I'm a bit confused by the 0.5 ohm loss resistance shown in figure A1 on
page 2. The capacitive reactances add up to -j160. If the inductor
was +j160 to resonate, the unloaded Q would be 160/0.5 = 320, which
sounds a bit high even for unloaded Q. It says Q=80 on the diagram,
which is more like it. Did they calculate 80/160=0.5 by mistake? Is
80 supposed to be the loaded Q? What am I missing??

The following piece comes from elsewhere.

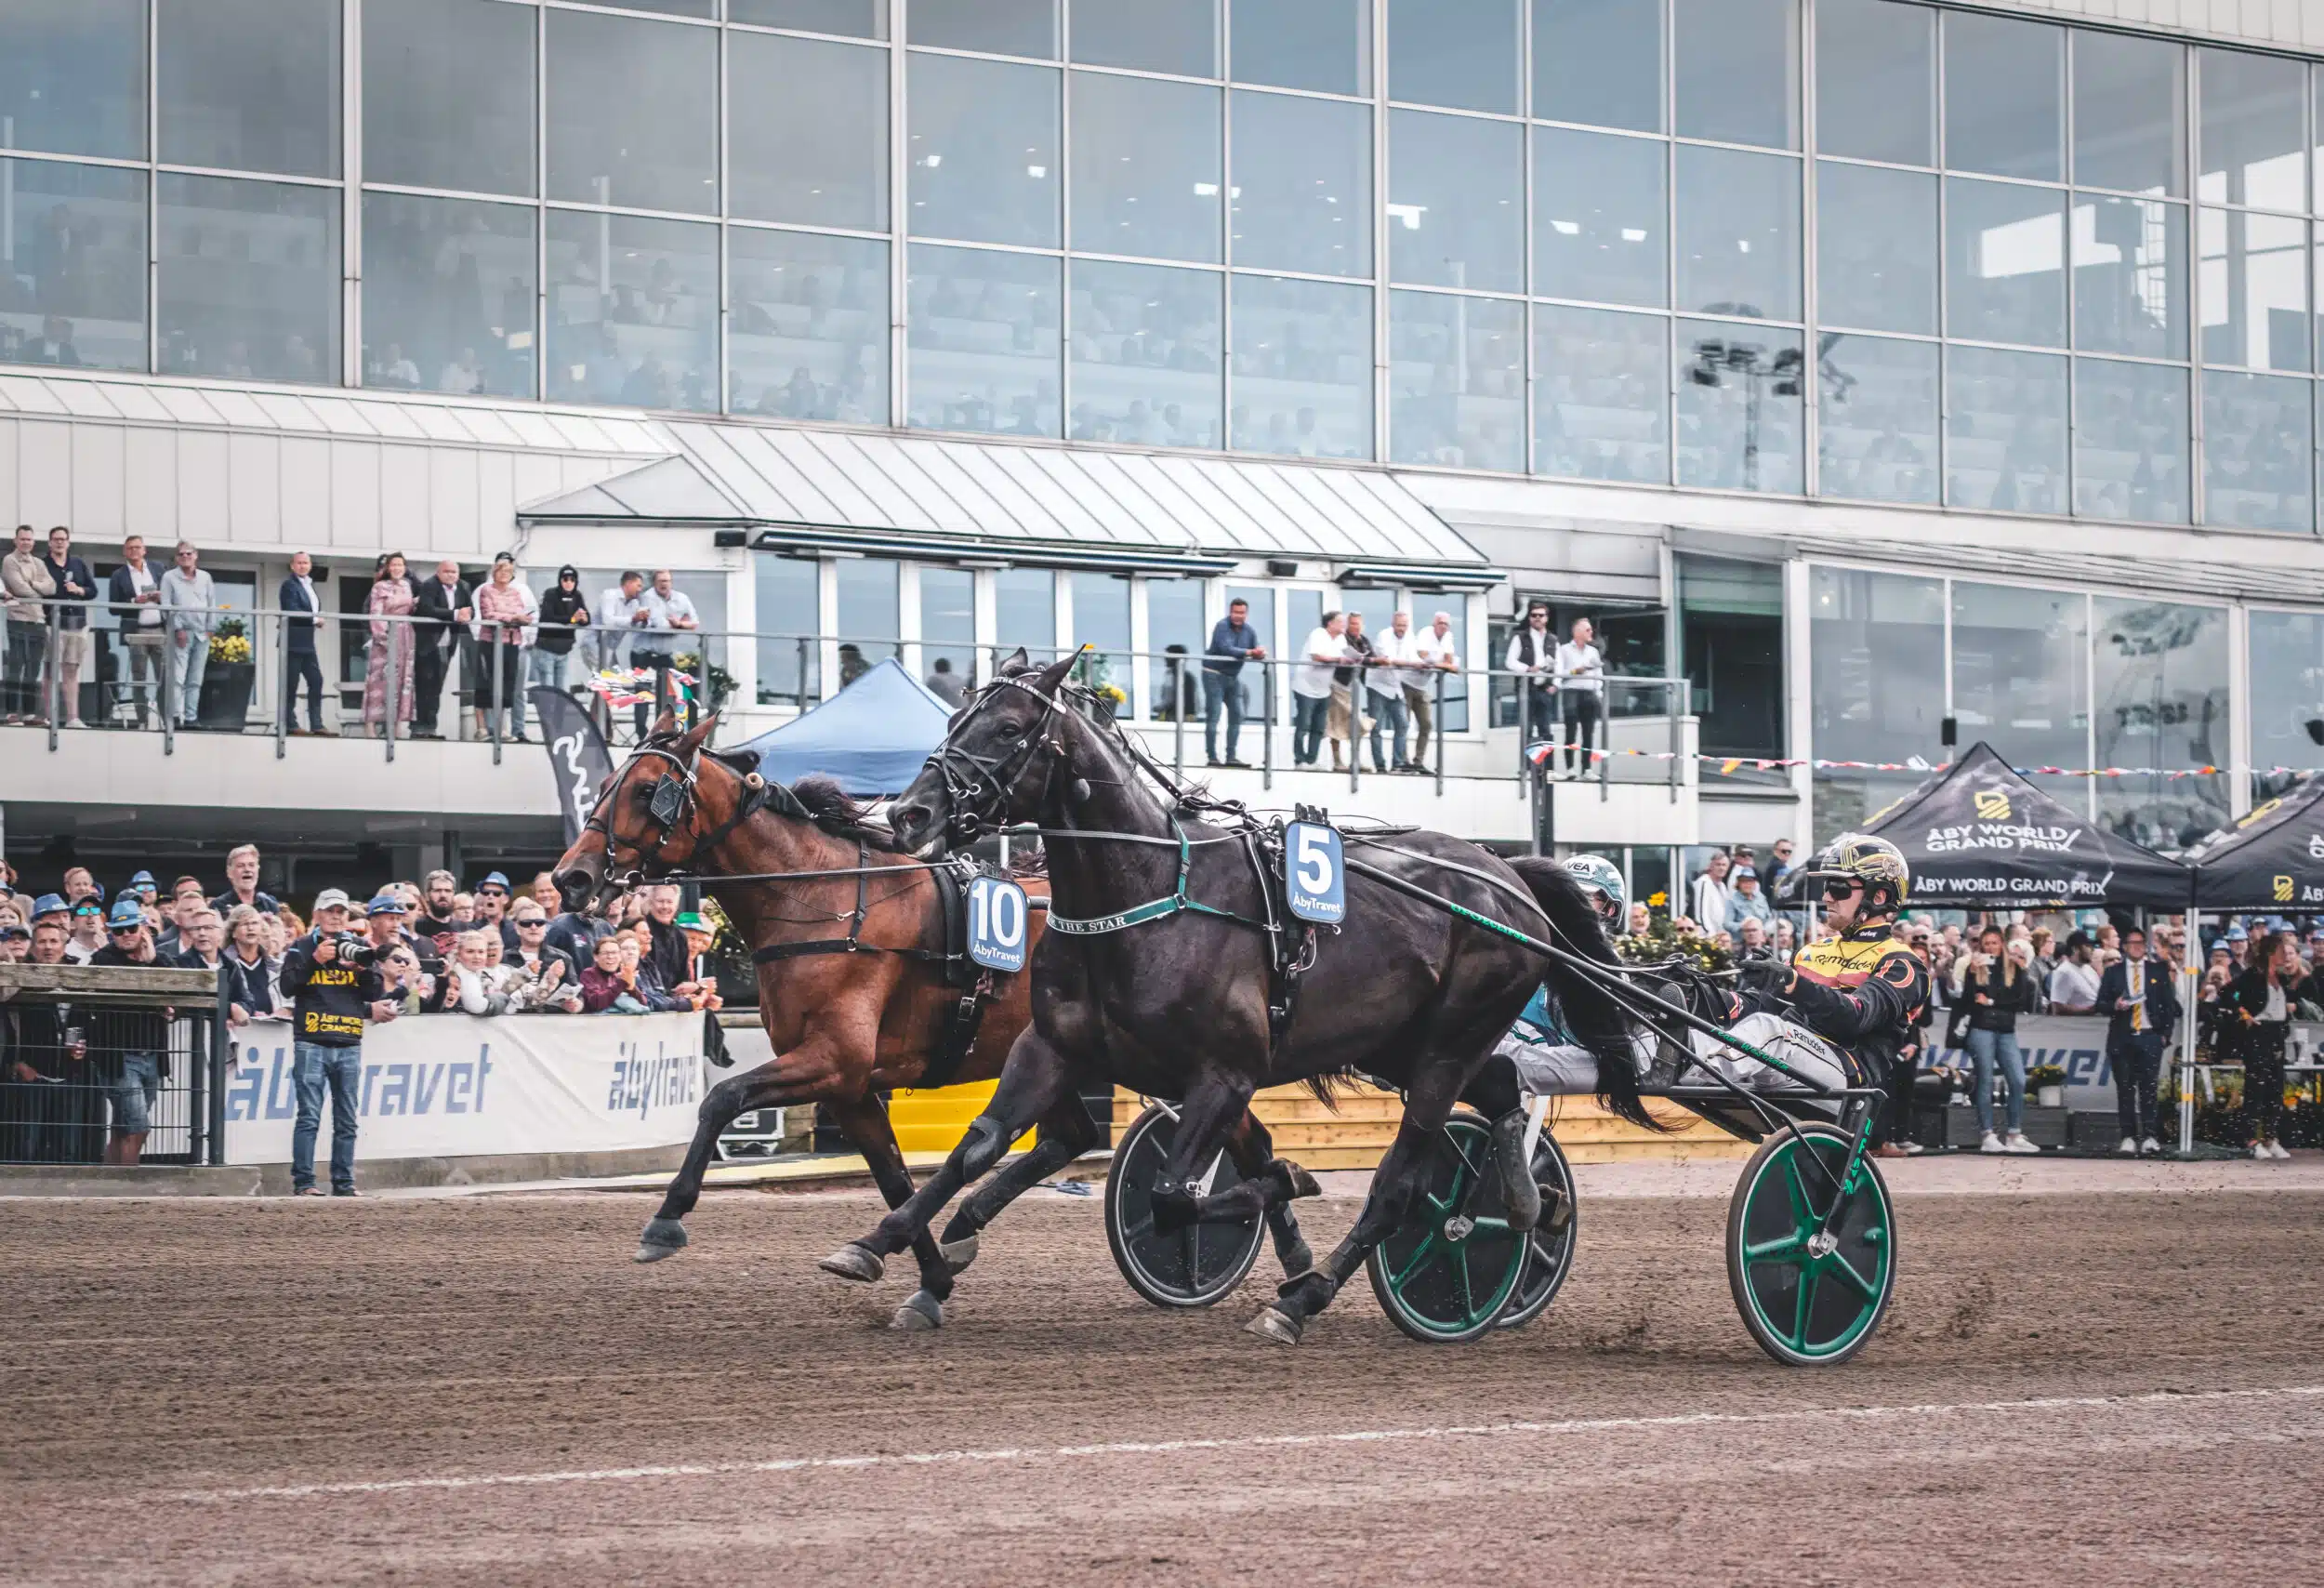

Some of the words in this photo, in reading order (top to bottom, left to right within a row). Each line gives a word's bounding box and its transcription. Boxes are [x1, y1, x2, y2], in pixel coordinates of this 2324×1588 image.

BTW if you go up a few directories on that URL, you can browse all
their past papers.
 
J

Joe McElvenney

Jan 1, 1970
0
Hi,
I'm a bit confused by the 0.5 ohm loss resistance shown in figure A1 on
page 2. The capacitive reactances add up to -j160. If the inductor
was +j160 to resonate, the unloaded Q would be 160/0.5 = 320, which
sounds a bit high even for unloaded Q. It says Q=80 on the diagram,
which is more like it. Did they calculate 80/160=0.5 by mistake? Is
80 supposed to be the loaded Q? What am I missing??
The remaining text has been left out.